Sin nombre virus glycoprotein trafficking

Abstract

Sin Nombre virus (SNV) is a major representative of the New World hantaviruses and the most common cause of hantavirus pulmonary syndrome (HPS) with high mortality in North America. Unlike other members of the family Bunyaviridae which mature in the Golgi complex, New World hantaviruses have been previously reported to mature at the cell surface. For family Bunyaviridae viruses, retention of the viral glycoproteins at the Golgi complex is thought to be responsible for their Golgi maturation. In our studies, the majority of SNV glycoproteins, G1 and G2, was localized in the Golgi complex when expressed from a full-length GPC clone or in SNV-infected cells, in agreement with data for other members of the family Bunyaviridae, including the Old World hantaviruses.
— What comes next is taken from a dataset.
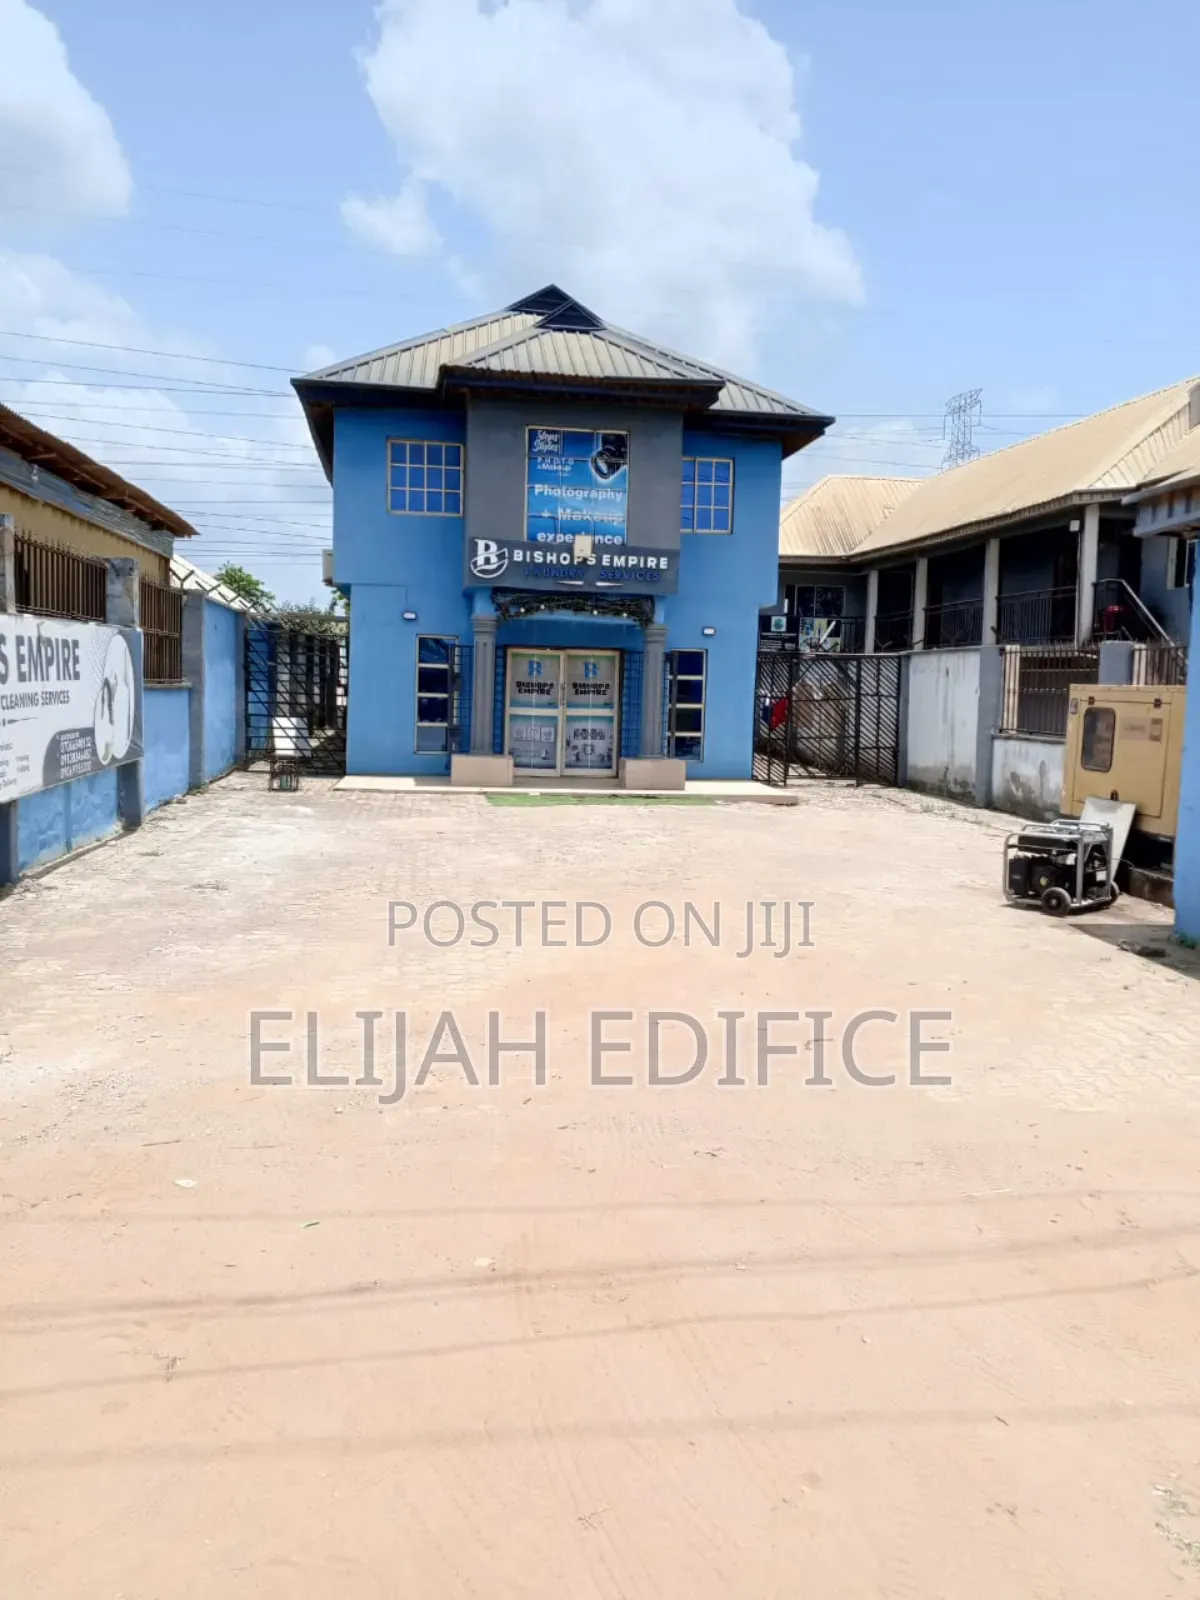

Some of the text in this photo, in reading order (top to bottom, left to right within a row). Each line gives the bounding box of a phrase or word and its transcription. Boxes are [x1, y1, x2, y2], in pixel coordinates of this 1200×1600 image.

However, the SNV glycoproteins could also be detected at the cell surface at advanced posttransfection or postinfection time points. G1 expressed in the absence of G2 did not accumulate in the Golgi, but remained predominantly associated with the endoplasmic reticulum (ER). Overexpressed amounts of apparently misfolded G1 were aggregated in a subcellular compartment likely to represent the aggresome. Unexpectedly, an additional major pool of G1 was detected intracellularly in SNV-infected and GPC-expressing transfected cells, by using a SNV G1-specific Fab antibody. This pool of G1 is predominantly localized in late endosomes–lysosomes.